- _Exercise details_: Everything in the listing except the pictures should be written out exactly.

---------------

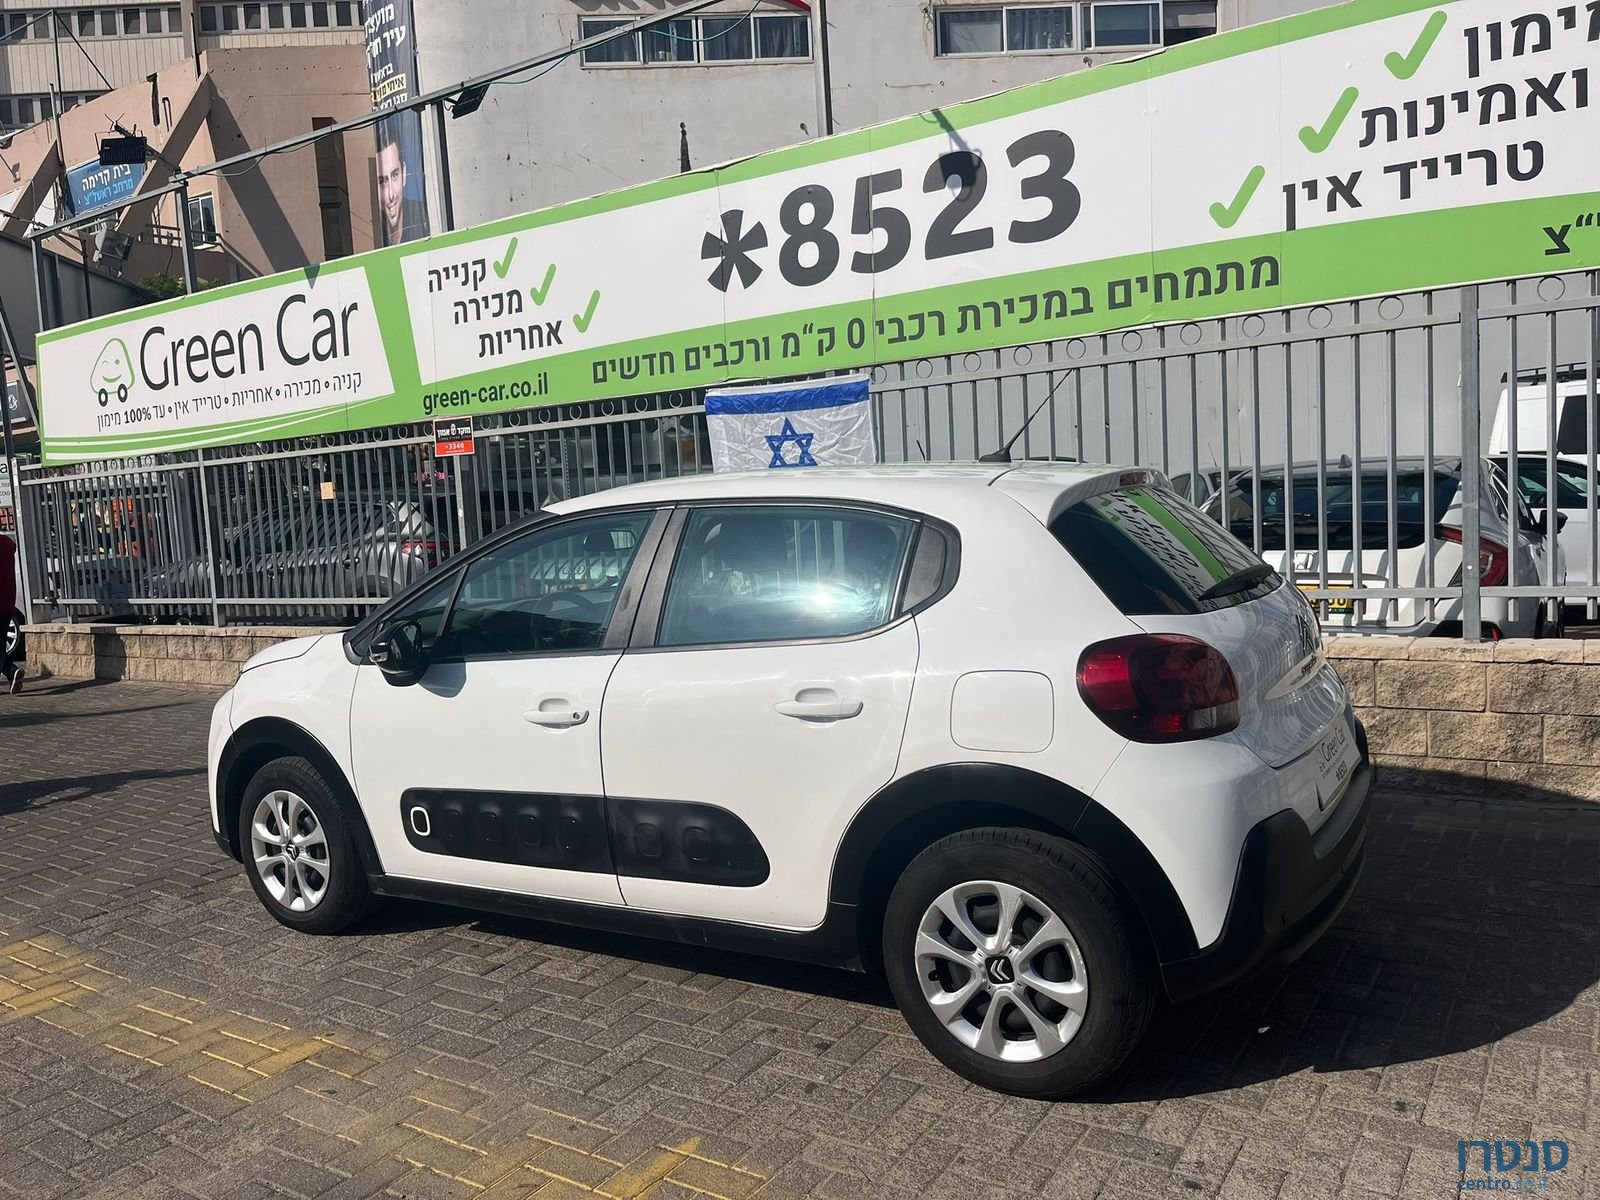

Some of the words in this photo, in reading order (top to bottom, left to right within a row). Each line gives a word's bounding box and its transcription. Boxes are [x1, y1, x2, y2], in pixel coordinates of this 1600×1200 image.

[383, 25, 406, 47] עיר
[1359, 67, 1588, 148] ואמינות
[82, 168, 110, 191] קדימה
[113, 163, 131, 179] בית
[113, 179, 134, 193] מרחב
[1383, 140, 1544, 200] טרייד
[1282, 170, 1363, 231] אין
[428, 258, 487, 293] קנייה
[1106, 255, 1280, 311] מתמחים
[453, 289, 523, 325] מכירה
[957, 286, 1094, 334] במכירת
[140, 325, 265, 391] Green
[276, 293, 358, 366] Car
[479, 320, 564, 359] אחריות
[847, 317, 866, 350] 0
[874, 309, 946, 345] רכבי
[592, 350, 675, 384] חדשים
[684, 336, 771, 372] ורכבים
[232, 385, 274, 407] אחריות
[284, 378, 321, 400] מכירה
[333, 372, 362, 394] קניה
[423, 371, 549, 416] green-car.co.il
[124, 406, 152, 424] 100%
[153, 404, 167, 420] עד
[174, 399, 190, 421] אין
[192, 394, 222, 413] טרייד
[97, 411, 122, 433] מימון

---------------

- _Output for this exercise_:
Some of the words in this photo, in reading order (top to bottom, left to right within a row). Each line gives a word's bounding box and its transcription. Boxes are [x1, y1, x2, y2], in pixel coordinates of this 1600×1200 image.

[383, 25, 406, 47] עיר
[1359, 67, 1588, 148] ואמינות
[82, 168, 110, 191] קדימה
[113, 163, 131, 179] בית
[113, 179, 134, 193] מרחב
[1383, 140, 1544, 200] טרייד
[1282, 170, 1363, 231] אין
[428, 258, 487, 293] קנייה
[1106, 255, 1280, 311] מתמחים
[453, 289, 523, 325] מכירה
[957, 286, 1094, 334] במכירת
[140, 325, 265, 391] Green
[276, 293, 358, 366] Car
[479, 320, 564, 359] אחריות
[847, 317, 866, 350] 0
[874, 309, 946, 345] רכבי
[592, 350, 675, 384] חדשים
[684, 336, 771, 372] ורכבים
[232, 385, 274, 407] אחריות
[284, 378, 321, 400] מכירה
[333, 372, 362, 394] קניה
[423, 371, 549, 416] green-car.co.il
[124, 406, 152, 424] 100%
[153, 404, 167, 420] עד
[174, 399, 190, 421] אין
[192, 394, 222, 413] טרייד
[97, 411, 122, 433] מימון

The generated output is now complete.